A full, exact copy of the listing is needed, with images omitted.

+++ RECORDS SHOWN +++

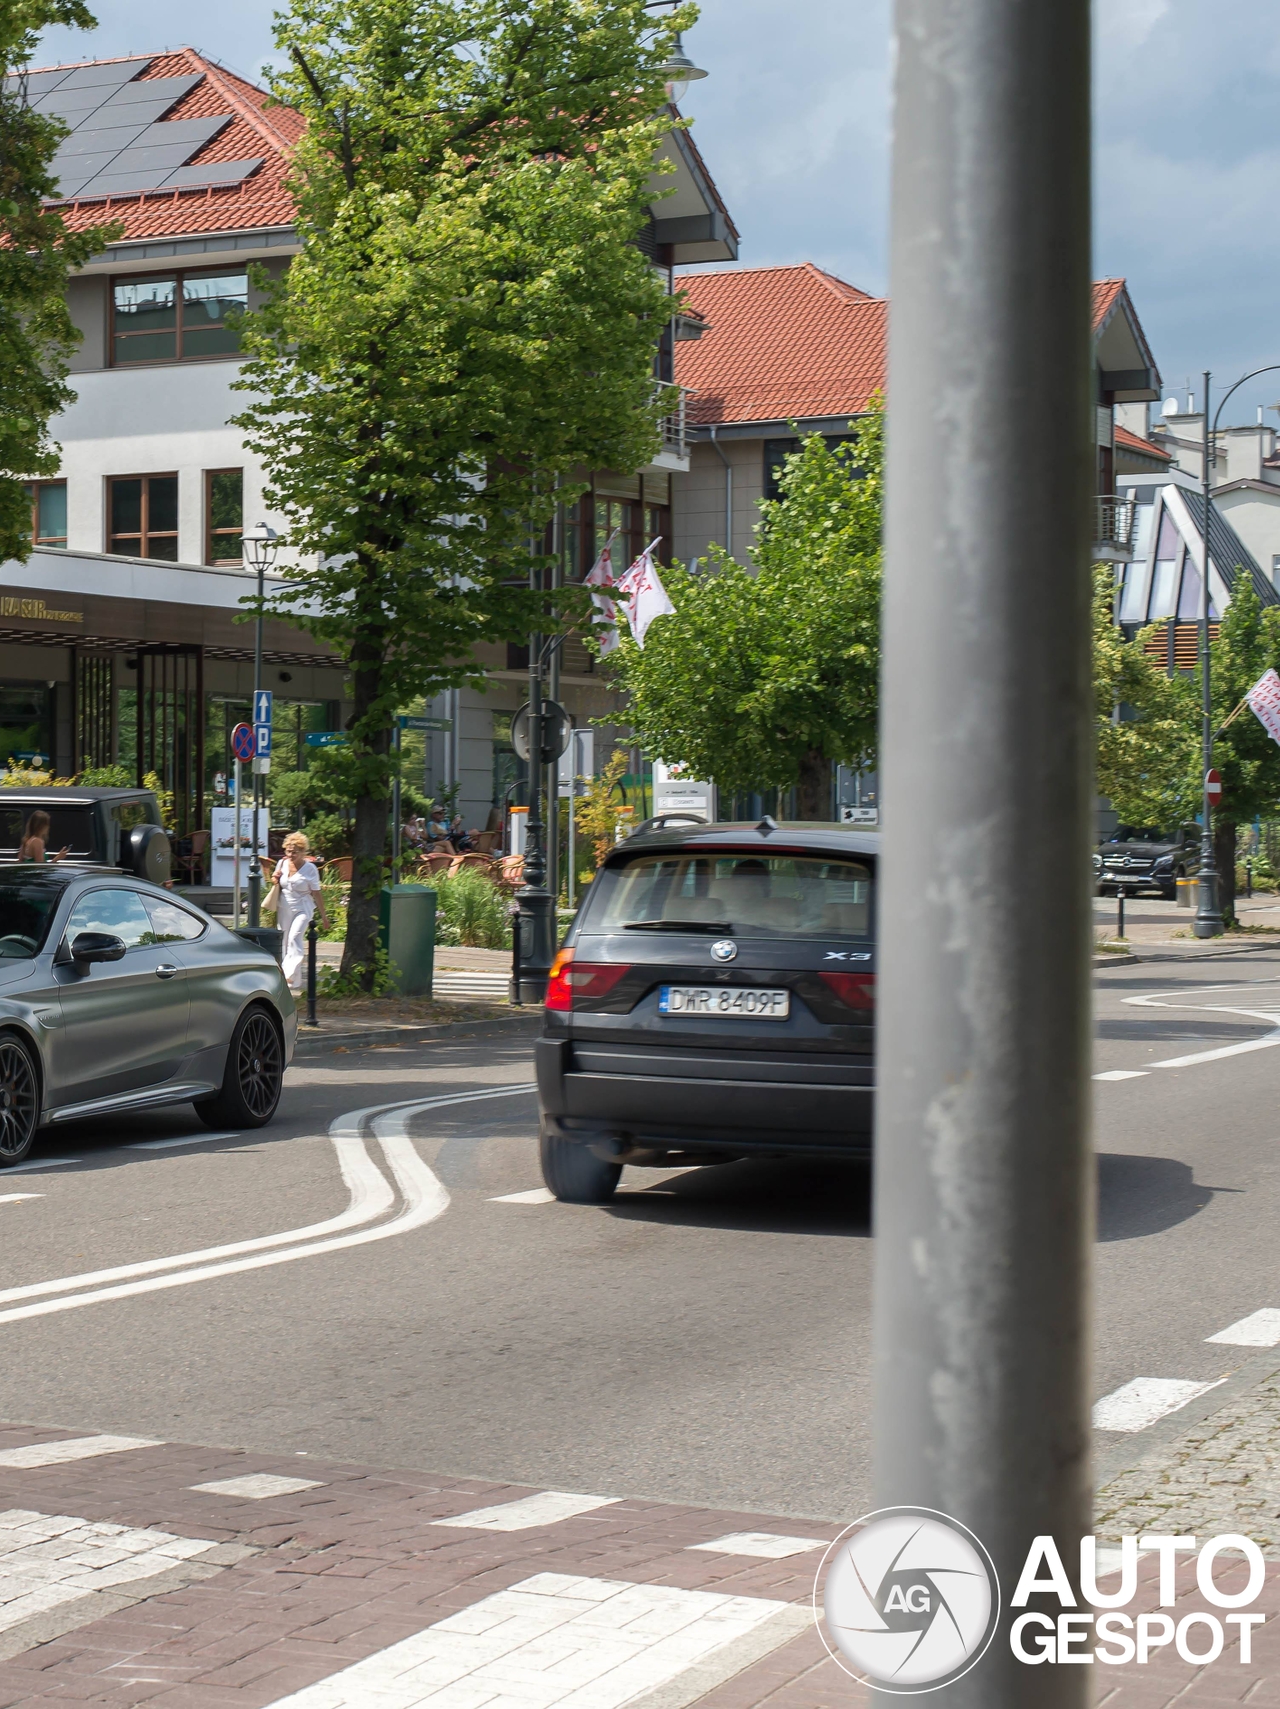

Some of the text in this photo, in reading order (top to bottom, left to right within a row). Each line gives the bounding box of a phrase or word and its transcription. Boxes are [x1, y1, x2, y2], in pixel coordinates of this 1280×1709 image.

[257, 727, 269, 754] P
[822, 951, 872, 961] X3
[671, 989, 785, 1014] DWR 8409F
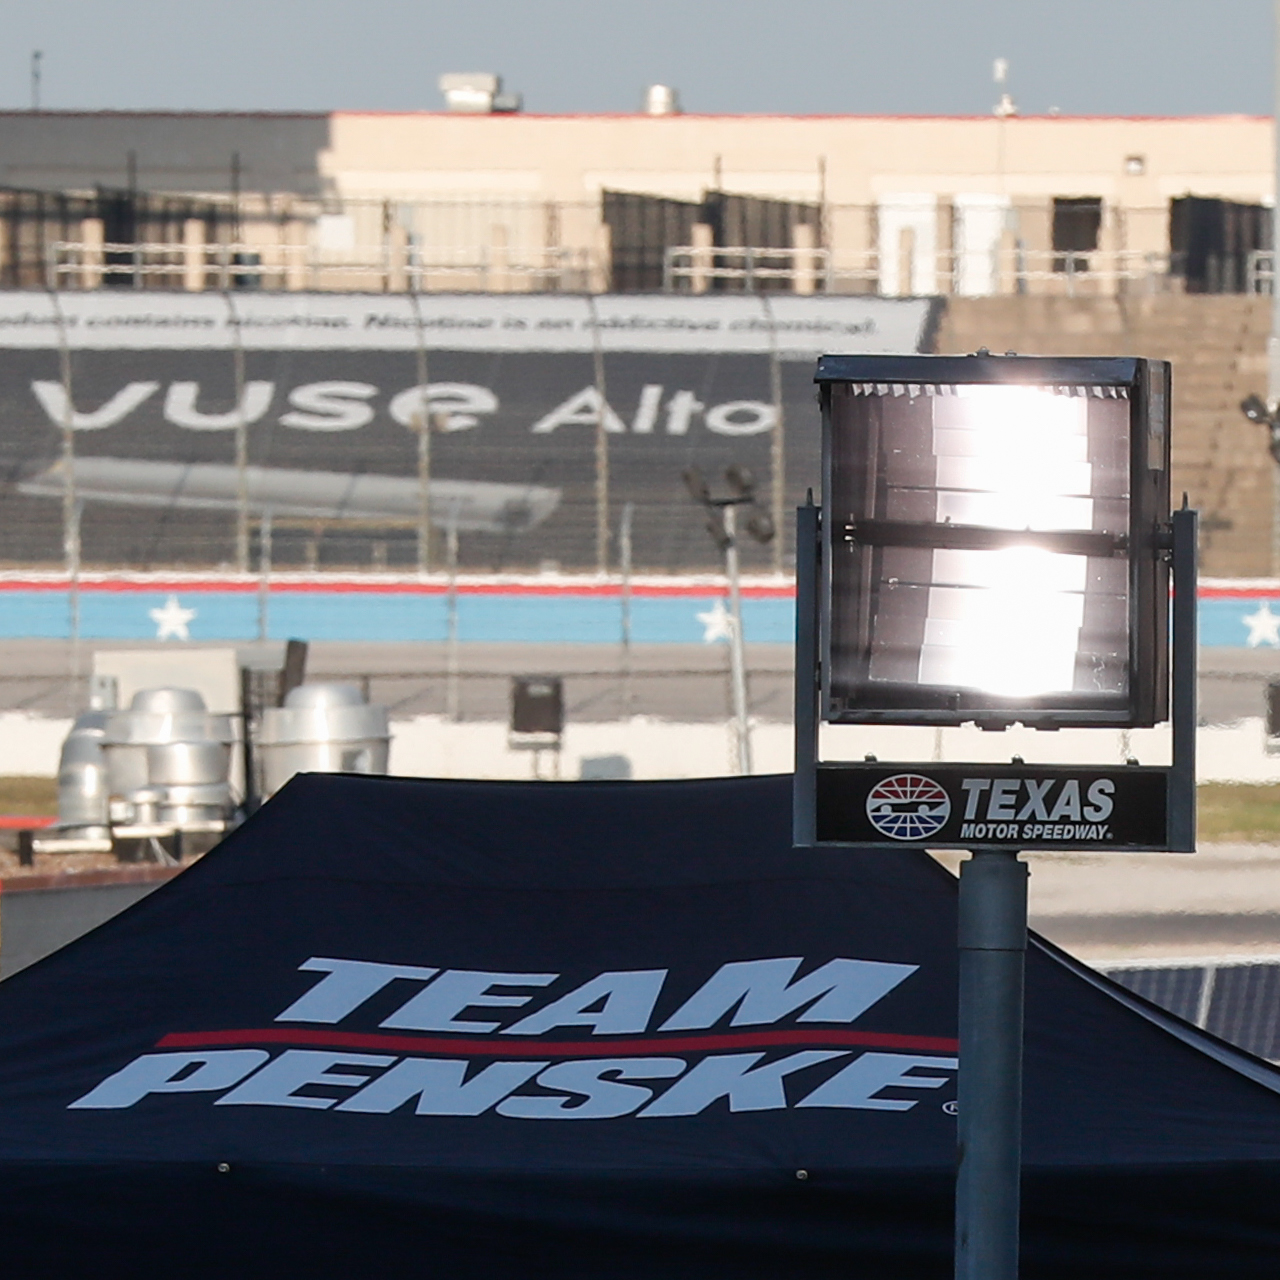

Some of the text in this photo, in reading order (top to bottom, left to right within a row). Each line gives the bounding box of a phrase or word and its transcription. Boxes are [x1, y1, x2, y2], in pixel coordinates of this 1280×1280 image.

[530, 383, 779, 437] Alto
[960, 778, 1116, 823] TEXAS
[960, 823, 1108, 841] MOTOR SPEEDWAY
[273, 956, 920, 1035] TEAM
[66, 1047, 959, 1120] PENSKE
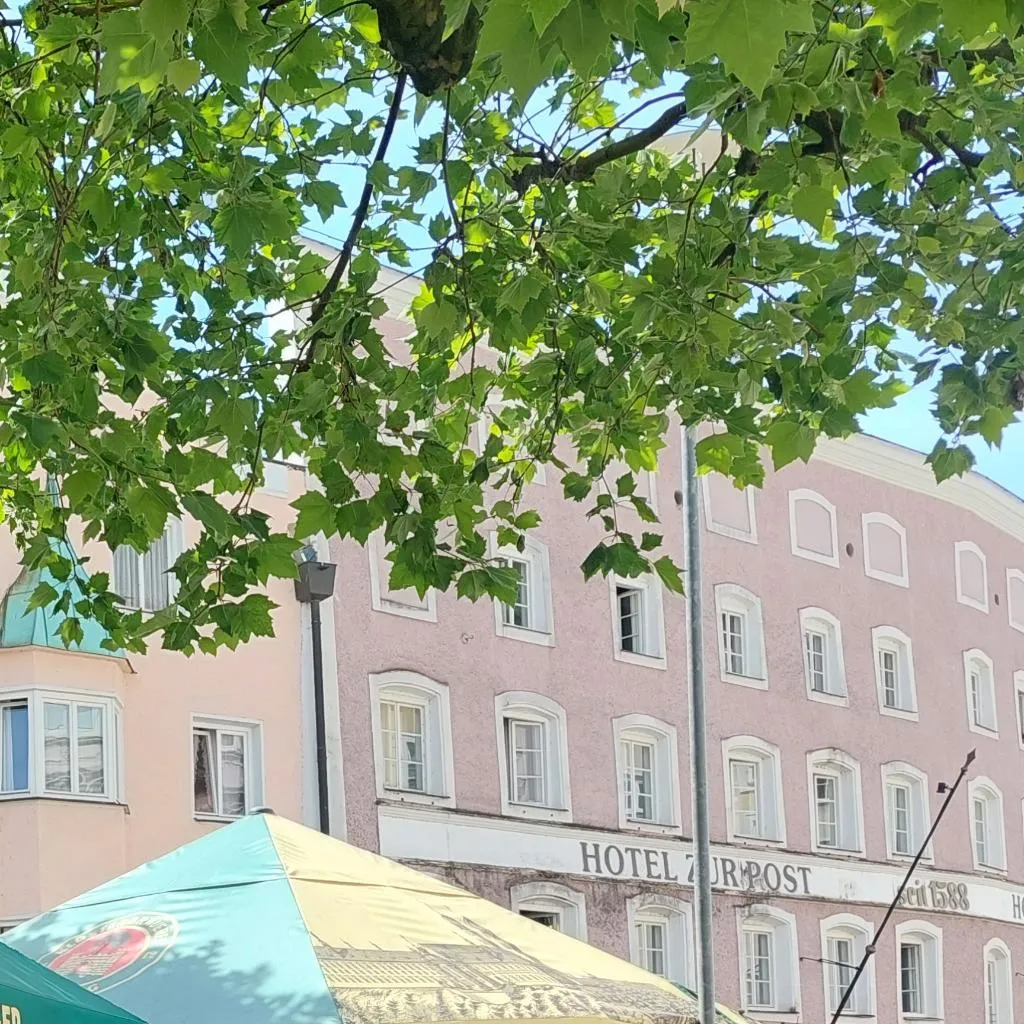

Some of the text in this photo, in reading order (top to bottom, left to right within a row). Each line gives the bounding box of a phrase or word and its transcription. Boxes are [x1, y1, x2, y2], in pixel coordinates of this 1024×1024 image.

[580, 841, 678, 881] HOTEL
[746, 860, 811, 894] POST
[928, 880, 970, 911] 1588
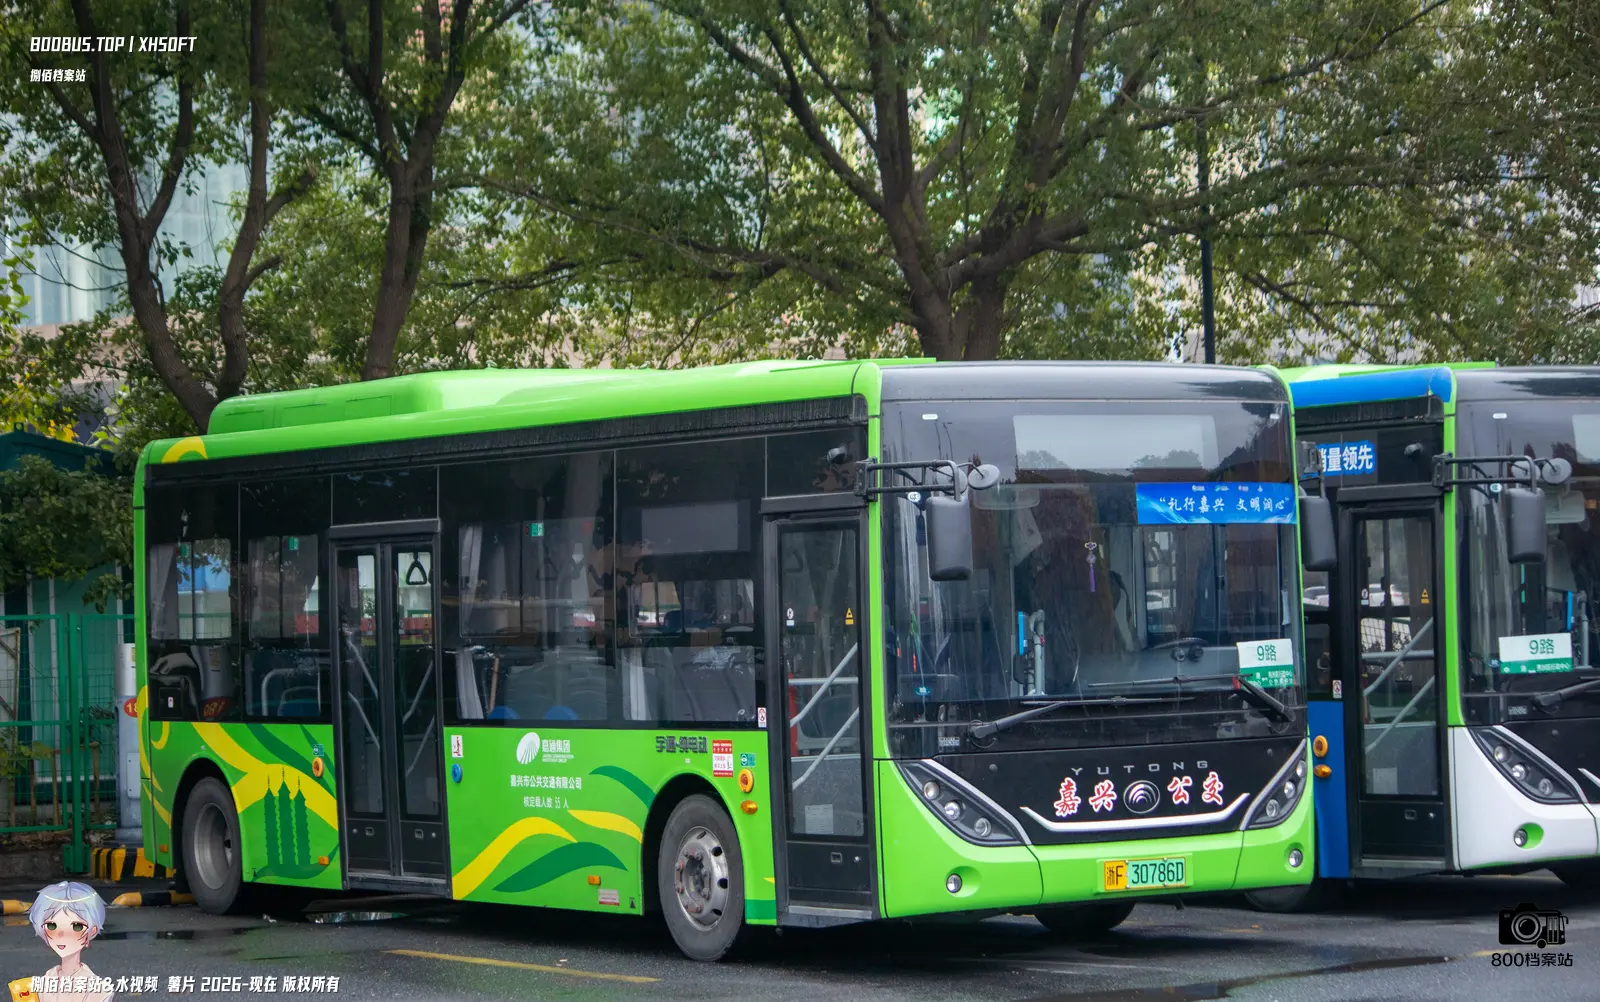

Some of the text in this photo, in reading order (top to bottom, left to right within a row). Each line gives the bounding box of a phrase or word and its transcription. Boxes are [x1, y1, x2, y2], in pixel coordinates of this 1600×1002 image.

[1256, 644, 1277, 661] 9路
[1526, 638, 1555, 655] 9路
[1071, 760, 1209, 776] YUTONG
[1131, 861, 1184, 884] 30786D
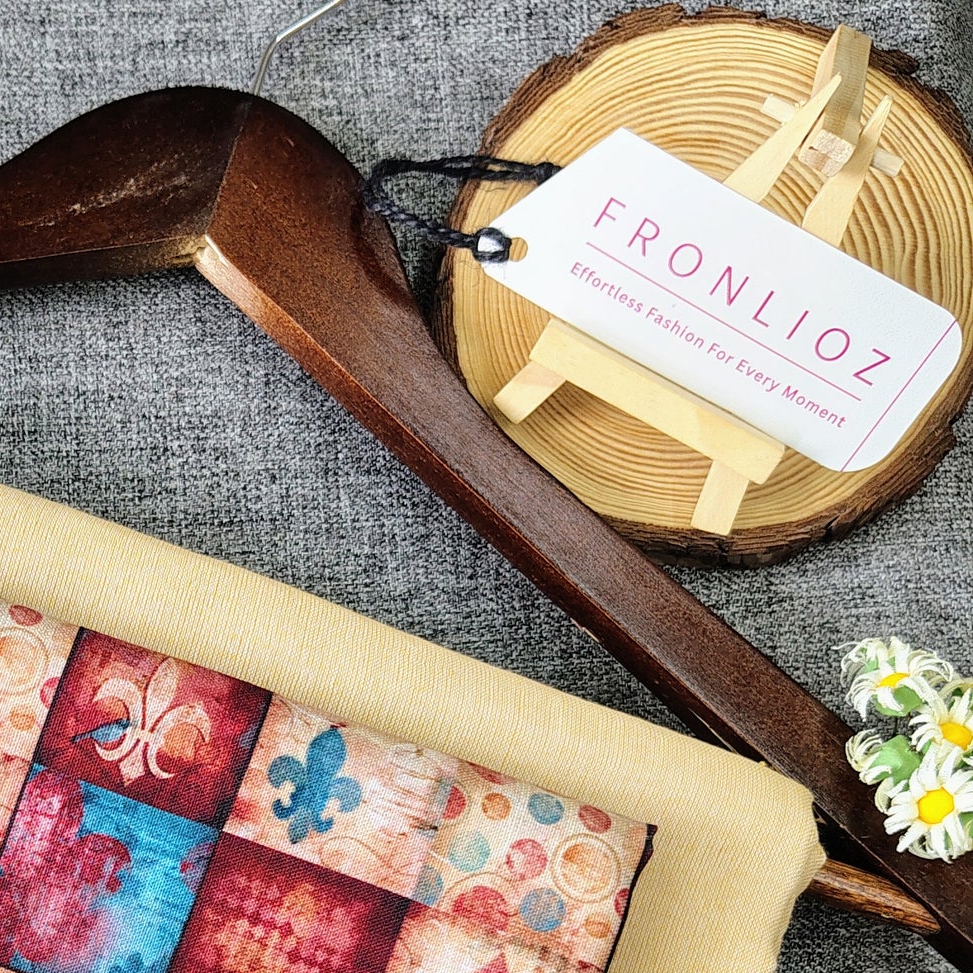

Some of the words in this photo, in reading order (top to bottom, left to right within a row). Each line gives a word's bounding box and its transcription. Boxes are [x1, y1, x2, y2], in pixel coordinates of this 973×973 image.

[570, 262, 643, 313] Effortless
[646, 307, 704, 349] Fashion
[707, 343, 734, 364] For
[735, 359, 780, 392] Every
[781, 385, 846, 428] Moment
[593, 197, 891, 386] FRONLIOZ

+++

◆ **RESULT BELOW**:
Some of the text in this photo, in reading order (top to bottom, left to right within a row). Each line gives the bounding box of a phrase or word and its transcription. Boxes are [x1, y1, x2, y2], in pixel coordinates of this 1280×1709 image.

[257, 727, 269, 754] P
[822, 951, 872, 961] X3
[671, 989, 785, 1014] DWR 8409F

Some of the text in this photo, in reading order (top to bottom, left to right within a row). Each line gives the bounding box of a phrase or word and its transcription. Boxes are [x1, y1, x2, y2], in pixel coordinates of this 1280×1280 image.

[530, 383, 779, 437] Alto
[960, 778, 1116, 823] TEXAS
[960, 823, 1108, 841] MOTOR SPEEDWAY
[273, 956, 920, 1035] TEAM
[66, 1047, 959, 1120] PENSKE

Some of the text in this photo, in reading order (top to bottom, left to right within a row). Each line gives the bounding box of a phrase or word and its transcription. Boxes are [x1, y1, x2, y2], in pixel coordinates of this 1024×1024 image.

[580, 841, 678, 881] HOTEL
[746, 860, 811, 894] POST
[928, 880, 970, 911] 1588

Some of the text in this photo, in reading order (top to bottom, left to right within a row). Each line gives the bounding box of a phrase or word and its transcription. Boxes are [x1, y1, x2, y2], in pixel coordinates of this 1600×1002 image.

[1256, 644, 1277, 661] 9路
[1526, 638, 1555, 655] 9路
[1071, 760, 1209, 776] YUTONG
[1131, 861, 1184, 884] 30786D

Some of the words in this photo, in reading order (top to bottom, left to right within a row). Each line gives a word's bounding box and its transcription. Boxes are [x1, y1, x2, y2], in pixel coordinates of this 973×973 image.

[570, 262, 643, 313] Effortless
[646, 307, 704, 349] Fashion
[707, 343, 734, 364] For
[735, 359, 780, 392] Every
[781, 385, 846, 428] Moment
[593, 197, 891, 386] FRONLIOZ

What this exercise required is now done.